+++ RECORDS SUPPLIED

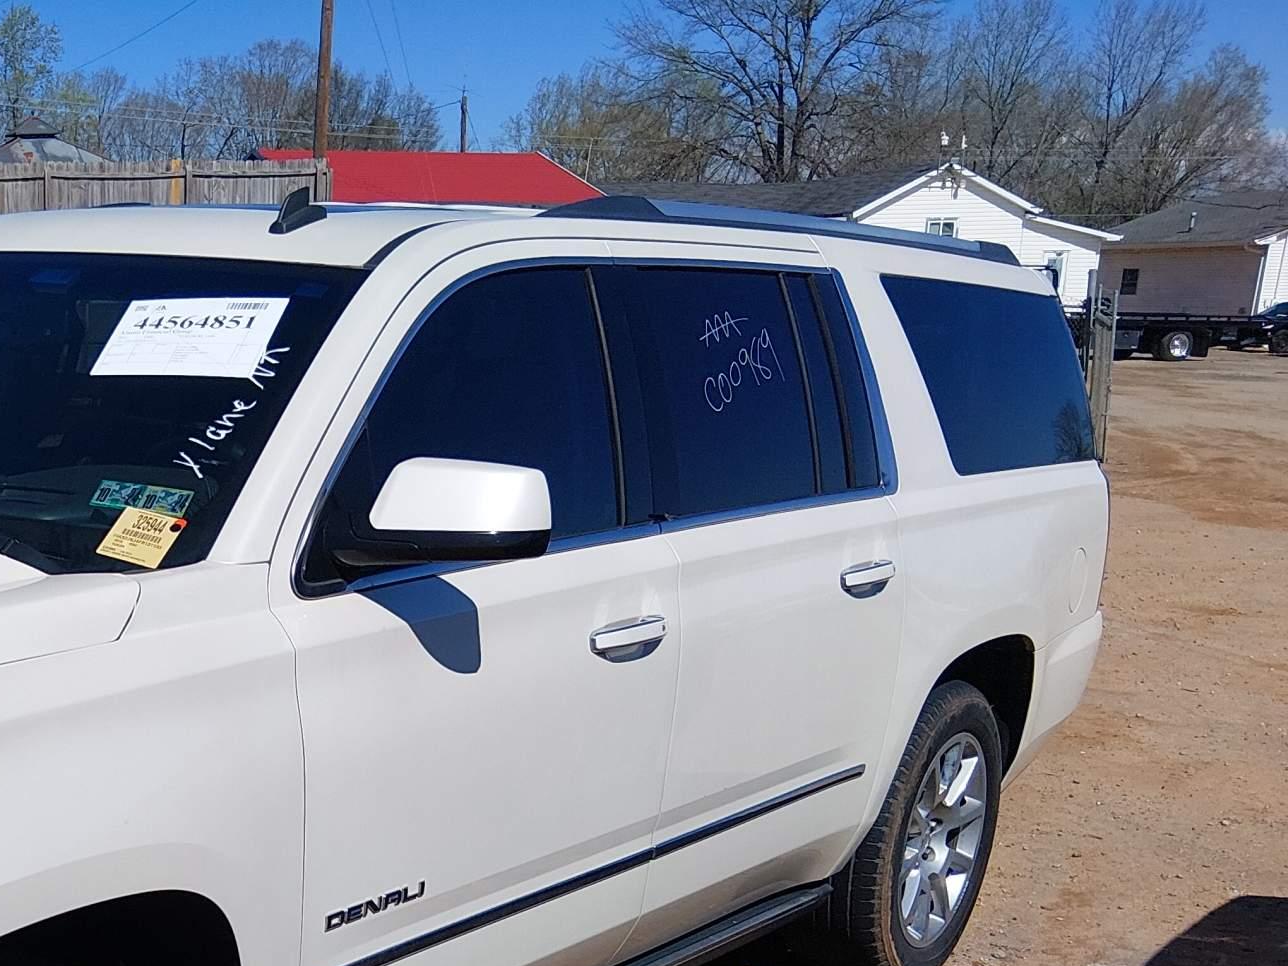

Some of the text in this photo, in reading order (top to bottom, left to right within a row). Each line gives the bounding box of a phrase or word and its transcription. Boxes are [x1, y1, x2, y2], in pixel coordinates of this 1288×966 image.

[134, 314, 257, 330] 44564851
[131, 514, 169, 535] 325944
[324, 879, 426, 933] DENALI
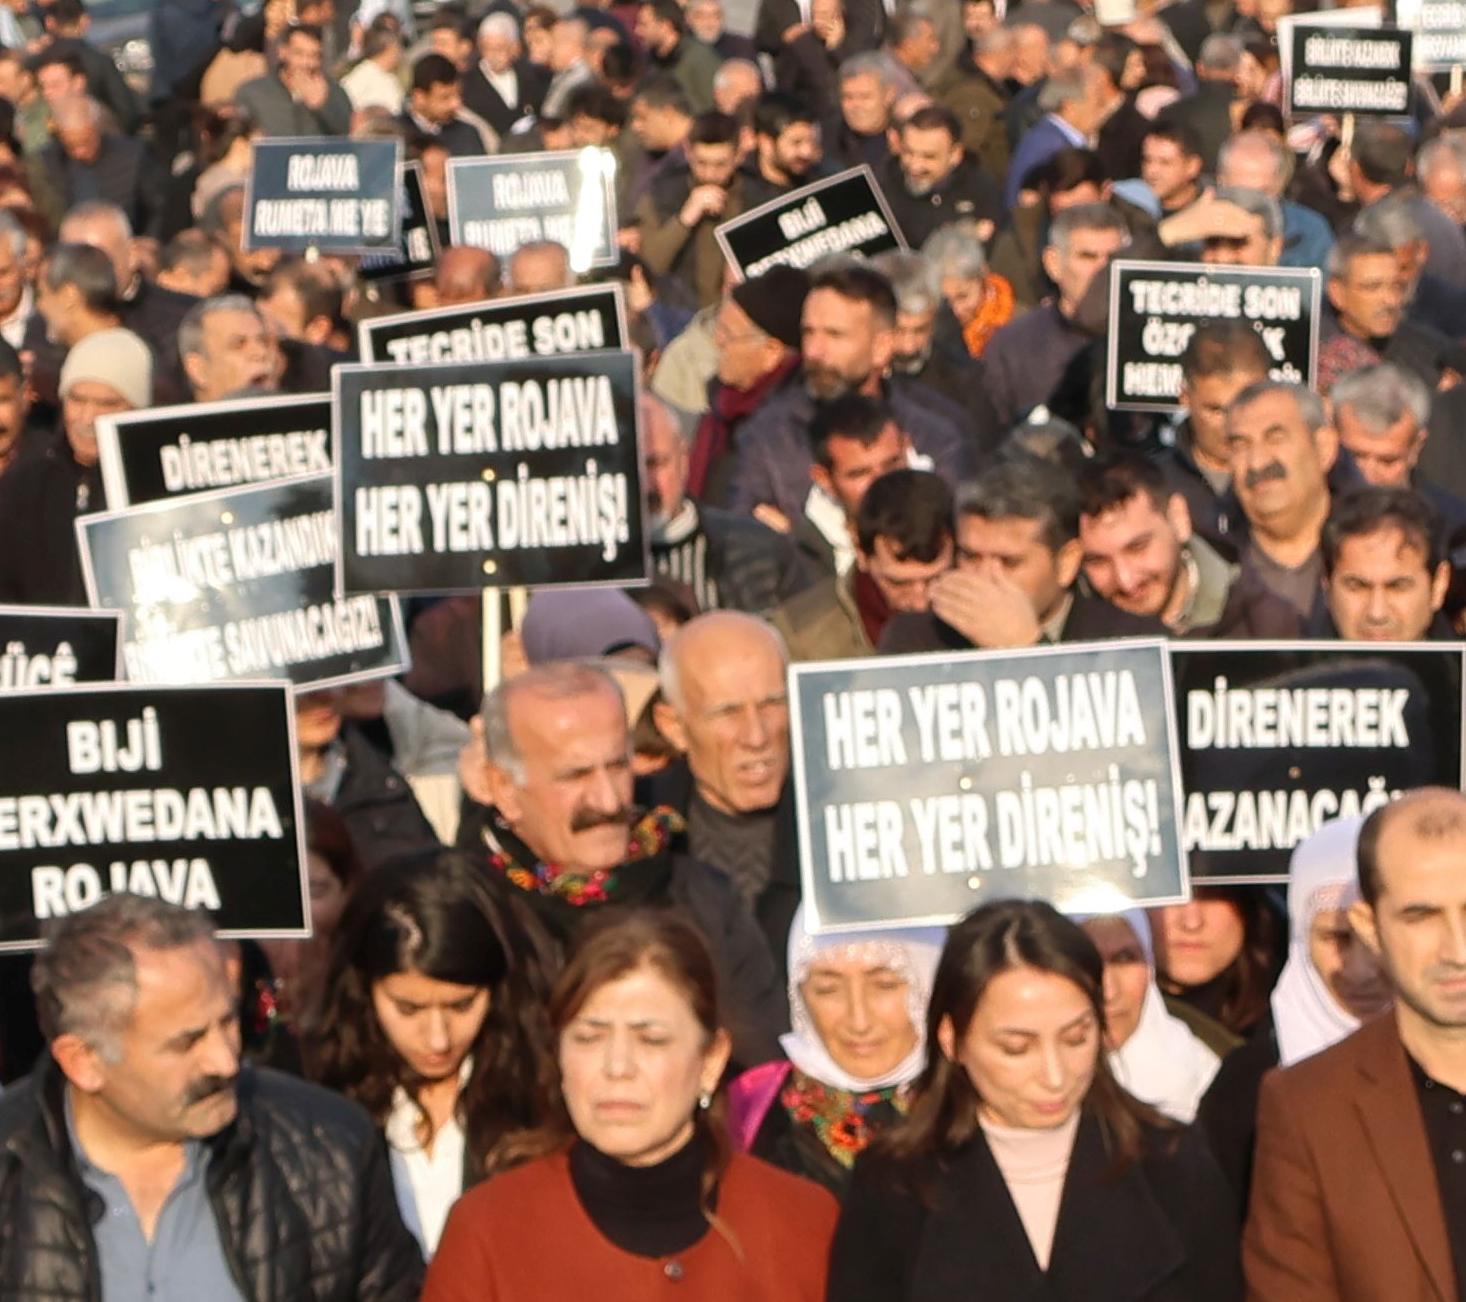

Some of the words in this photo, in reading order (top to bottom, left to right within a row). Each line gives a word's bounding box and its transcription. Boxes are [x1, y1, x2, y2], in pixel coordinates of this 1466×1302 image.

[531, 308, 605, 355] SON
[360, 388, 429, 459] HER
[432, 383, 498, 455] YER
[499, 374, 619, 451] ROJAVA
[354, 485, 423, 558] HER
[426, 480, 494, 555] YER
[497, 456, 629, 563] DİRENİŞ!
[65, 704, 163, 775] BIJİ
[823, 686, 906, 771] HER
[909, 679, 990, 764] YER
[993, 669, 1146, 757] ROJAVA
[1187, 676, 1411, 749] DİRENEREK
[824, 799, 908, 884] HER
[913, 793, 995, 876] YER
[998, 766, 1162, 879] DİRENİŞ!

++++++

* TASK REQUIREMENTS *
Would you give the entries above again verbatim, omitting the images they contain?

* ANSWER BOX *
Some of the text in this photo, in reading order (top to bottom, left to right within a row). Each line gives the bounding box of a phrase or word and its transcription. Boxes are [x1, y1, x2, y2], in pixel coordinates of this 1288×966 image.

[134, 314, 257, 330] 44564851
[131, 514, 169, 535] 325944
[324, 879, 426, 933] DENALI

Some of the words in this photo, in reading order (top to bottom, left to right within a row). Each line gives a word's bounding box and its transcription. Boxes are [x1, y1, x2, y2], in pixel coordinates of this 1466×1302 image.

[531, 308, 605, 355] SON
[360, 388, 429, 459] HER
[432, 383, 498, 455] YER
[499, 374, 619, 451] ROJAVA
[354, 485, 423, 558] HER
[426, 480, 494, 555] YER
[497, 456, 629, 563] DİRENİŞ!
[65, 704, 163, 775] BIJİ
[823, 686, 906, 771] HER
[909, 679, 990, 764] YER
[993, 669, 1146, 757] ROJAVA
[1187, 676, 1411, 749] DİRENEREK
[824, 799, 908, 884] HER
[913, 793, 995, 876] YER
[998, 766, 1162, 879] DİRENİŞ!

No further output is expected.